Por Felipe de Oliveira, da Ascom do MCTI
Publicado 28/08/2015 16:43
As estruturas fazem parte do Experimento de Grande Escala de Biosfera-Atmosfera na Amazônia (LBA), fruto de uma cooperação entre Brasil e Alemanha. As condições climáticas e a logística foram os principais desafios enfrentados por quem ajudou a transferir o projeto científico do papel para o coração da maior floresta tropical contínua do mundo.
A primeira equipe chegou na Reserva em setembro 2009. Liderados por Hermes Xavier, servidor do Instituto Nacional de Pesquisas da Amazônia (Inpa/MCTI), 22 homens, entre funcionários do Instituto e comunitários da reserva, abriram 15 quilômetros de estrada. Eles aproveitaram uma trilha criada por exploradores ilegais de Pau-Rosa para abrir o caminho. "O Pau-Rosa é uma árvore que tem um óleo muito usado na fabricação de perfumes. O ramal [trilha] estava desativado há 30 anos e a natureza já estava se regenerando nesse espaço", explica Xavier. "Abrimos uma trilha de 3 metros de largura na mata fechada para permitir a passagem de quadriciclos e caminhonetes."

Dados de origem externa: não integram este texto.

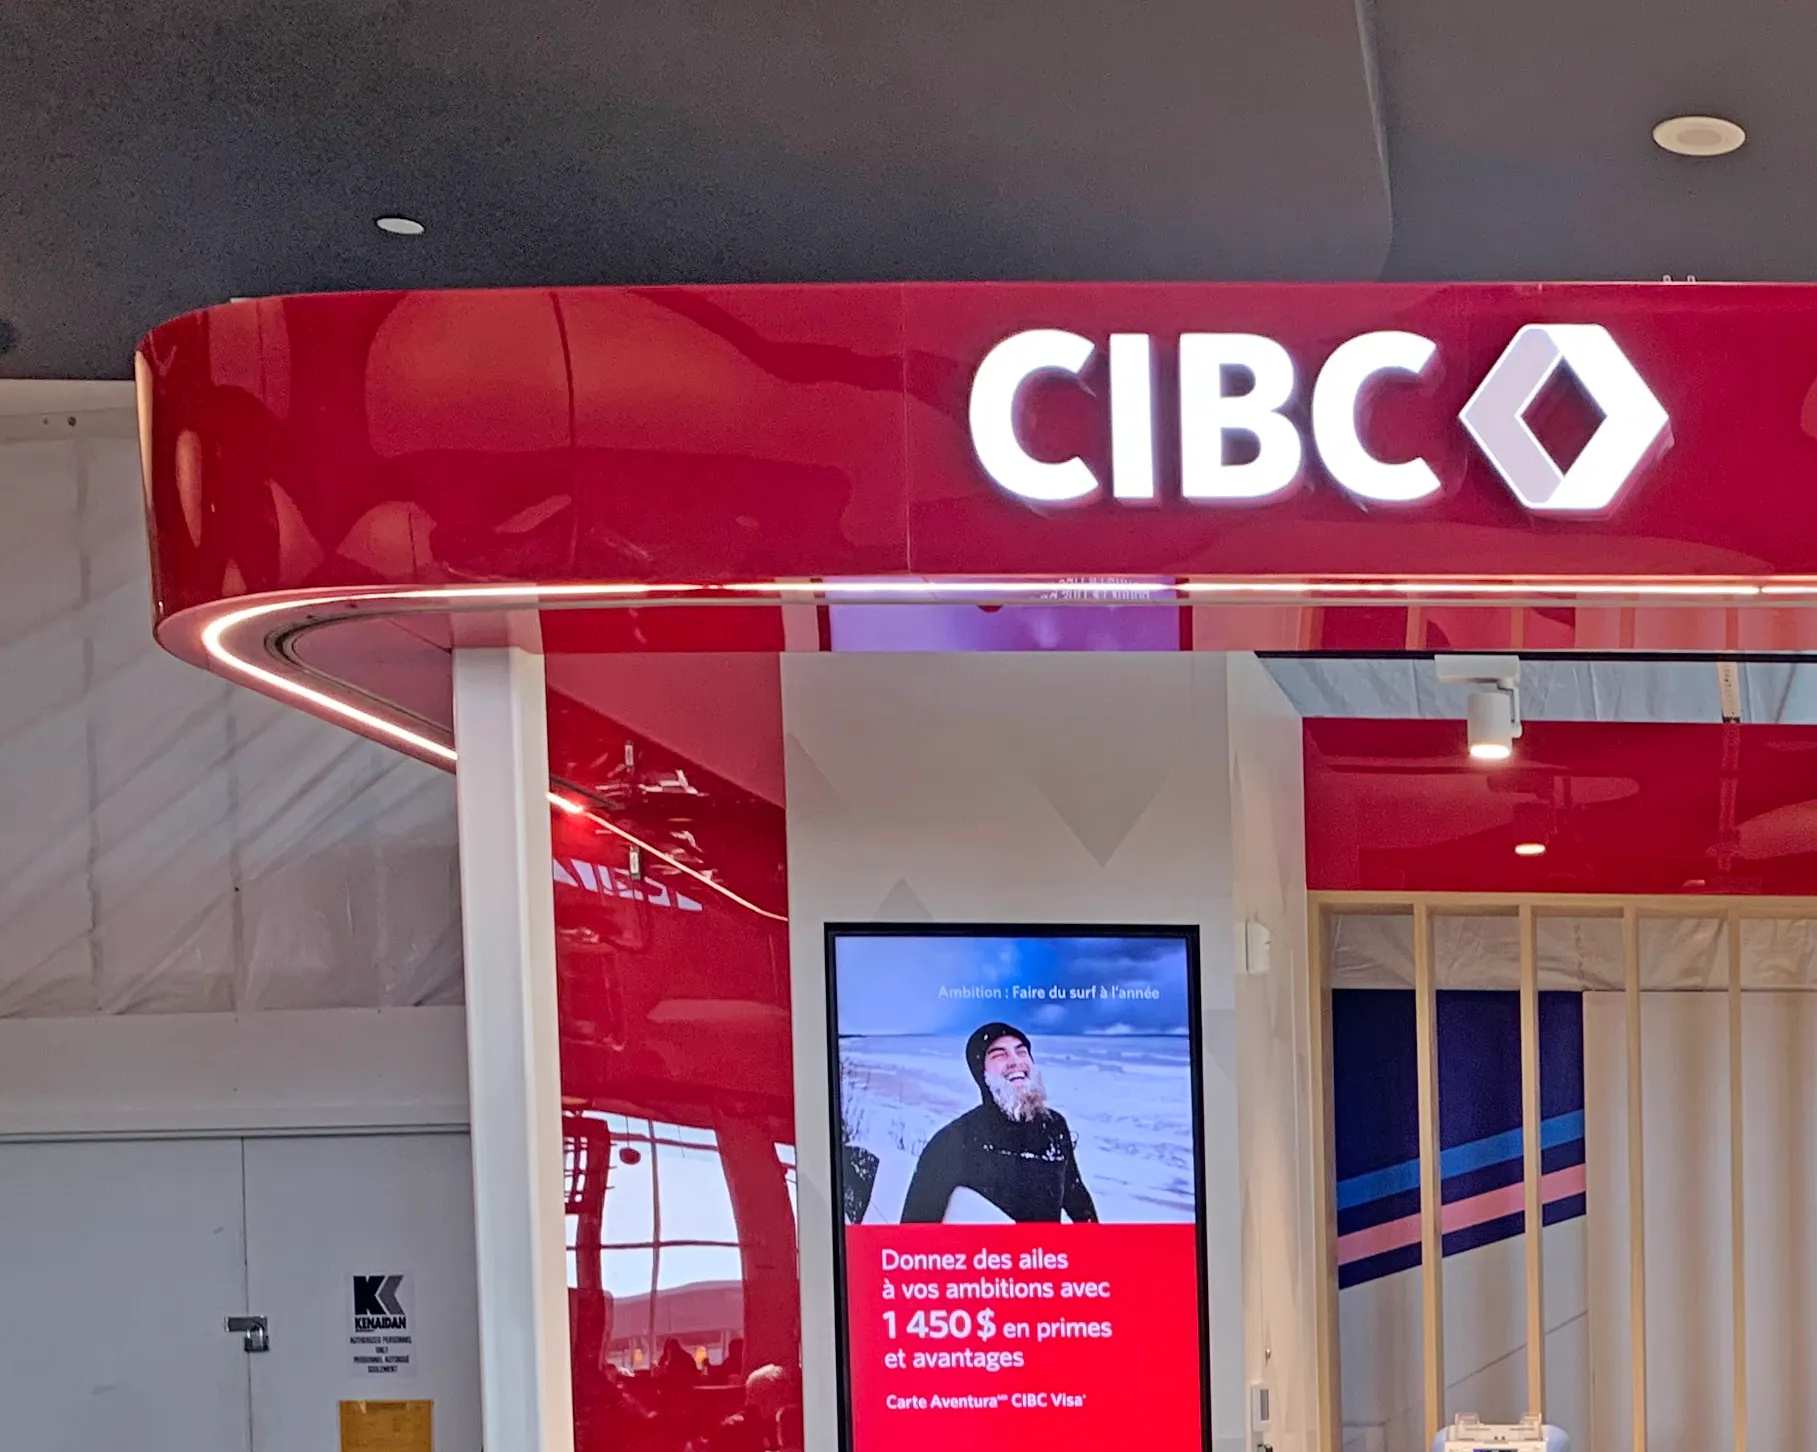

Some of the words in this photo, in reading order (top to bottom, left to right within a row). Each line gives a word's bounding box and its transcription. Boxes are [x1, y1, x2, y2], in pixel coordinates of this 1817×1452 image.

[969, 329, 1441, 505] CIBC
[938, 985, 1001, 999] Ambition
[1012, 985, 1045, 999] Faire
[1049, 985, 1066, 999] du
[1069, 985, 1096, 999] surf
[1100, 985, 1108, 999] à
[1111, 985, 1160, 999] l'année
[881, 1249, 967, 1271] Donnez
[974, 1249, 1012, 1271] des
[1018, 1247, 1069, 1271] ailes
[882, 1278, 895, 1300] à
[901, 1281, 939, 1300] vos
[946, 1276, 1055, 1300] ambitions
[1060, 1280, 1111, 1299] avec
[355, 1316, 406, 1329] KENAIDAN
[906, 1310, 972, 1339] 450
[977, 1307, 997, 1342] $
[1003, 1321, 1031, 1339] en
[1037, 1317, 1113, 1344] primes
[884, 1349, 906, 1369] et
[912, 1349, 1025, 1373] avantages
[886, 1394, 927, 1409] Carte
[1011, 1393, 1047, 1408] CIBC

Em 13 dias, a estrada já ligava a beira do Rio Uatumã ao local onde foi instalada a primeira torre de 80 m. "A cada tempestade, a estrada ficava cada vez mais enlameada. A água tomava conta do ramal", conta o servidor do Inpa. "Primeiro usávamos um quadriciclo para nos locomover e transportar as peças da torre, um trajeto que durava cerca de três horas; depois, passamos a usar um trator para trazer as estruturas metálicas. Em um determinado trecho [de ladeira], nenhum dos veículos conseguia transitar, e o material precisou ser carregado nas costas."

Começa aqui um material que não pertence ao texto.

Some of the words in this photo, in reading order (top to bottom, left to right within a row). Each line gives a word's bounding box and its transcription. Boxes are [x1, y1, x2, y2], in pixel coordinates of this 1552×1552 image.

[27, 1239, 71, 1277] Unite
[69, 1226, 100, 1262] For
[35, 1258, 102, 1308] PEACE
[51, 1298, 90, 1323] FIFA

Dez meses depois, foi montada a segunda estrutura de 80 m. "Por quase dois anos, a equipe passou as noites em acampamentos improvisados com madeira de árvores, que já haviam caído e lonas. Deixávamos a reserva somente nos feriados ou nos dias de folga", relembra Xavier. No local é proibido caçar e derrubar árvores, mesmo que já estejam condenadas. "Toda a semana vinham barcos com água e alimentos."
Infraestrutura e nova fase
Os acampamentos foram substituídos somente em 2012. Eles deram lugar a um alojamento para 35 pessoas e outro, para 20 pessoas, foi construído em 2014. Banheiros, cozinha e uma área para lavar roupas foram erguidos. A estrada também foi recuperada. A Universidade Estadual do Amazonas (UEA) cedeu R$ 2 milhões na terceira fase do projeto LBA, quando foi iniciada a construção do Observatório de Torre Alta da Amazônia (ATTO, na sigla em inglês), que foi inaugurado no último sábado (22). "Poucas pessoas acreditavam que seria possível construir uma torre de 325 metros na Floresta Amazônica. Nossa equipe nunca duvidou", garante Hermes Xavier.

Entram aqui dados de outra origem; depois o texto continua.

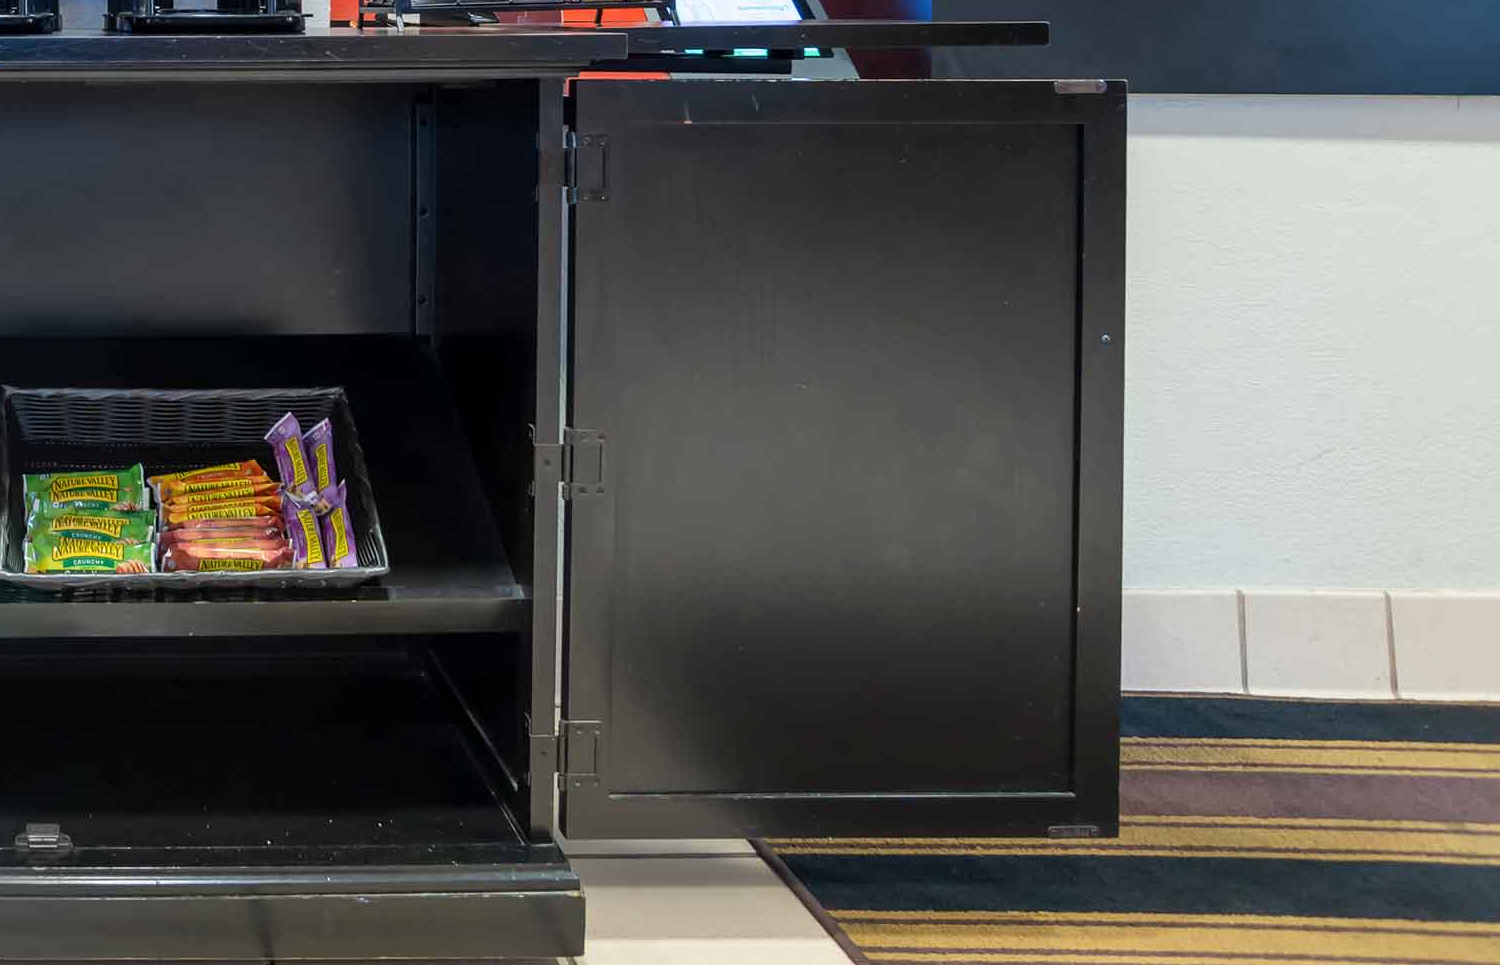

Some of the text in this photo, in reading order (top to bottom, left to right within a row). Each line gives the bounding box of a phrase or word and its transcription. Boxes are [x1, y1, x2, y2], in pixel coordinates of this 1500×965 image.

A água é bombeada de um igarapé a alguns quilômetros da Estação. A energia elétrica no local é oriunda de geradores. Por mês, são cerca de 5 mil litros de diesel para alimentar os geradores e abastecer as caminhonetes e quadriciclos.
No total, 108 servidores do Inpa, entre pesquisadores e técnicos, e quatro funcionários da Fundação Eliseu Alves participam do LBA. Um deles é Amauri Rodrigues Pereira. "Nossas vidas giram em torno das nossas famílias e desse projeto. Às vezes, passamos datas comemorativas aqui. Já comemorei dois aniversários na Estação", conta o paranaense de 51 anos, radicado na Amazônia desde 1992. "Tenho orgulho em saber que fazemos parte de um projeto científico que tem como objetivo estudar para preservar a Amazônia. Não sou cientista, mas faço parte da ciência brasileira."
Pereira perdeu as contas de quantas vezes precisou caminhar na estrada cheia de lama para buscar peças para os veículos. "Quando falta material para os veículos, a solução é improvisar, ou ir até Manaus, que são pelo menos cinco horas de viagem. Deitar na lama para arrumar um dos carros é melhor do que fazer todo o caminho de volta", detalha.
Na Estação Científica há sempre, no mínimo, dois funcionários. As equipes que fazem manutenção do alojamento e dos equipamentos se revezam numa escala onde 20 dias de trabalho equivalem a dez dias de folga.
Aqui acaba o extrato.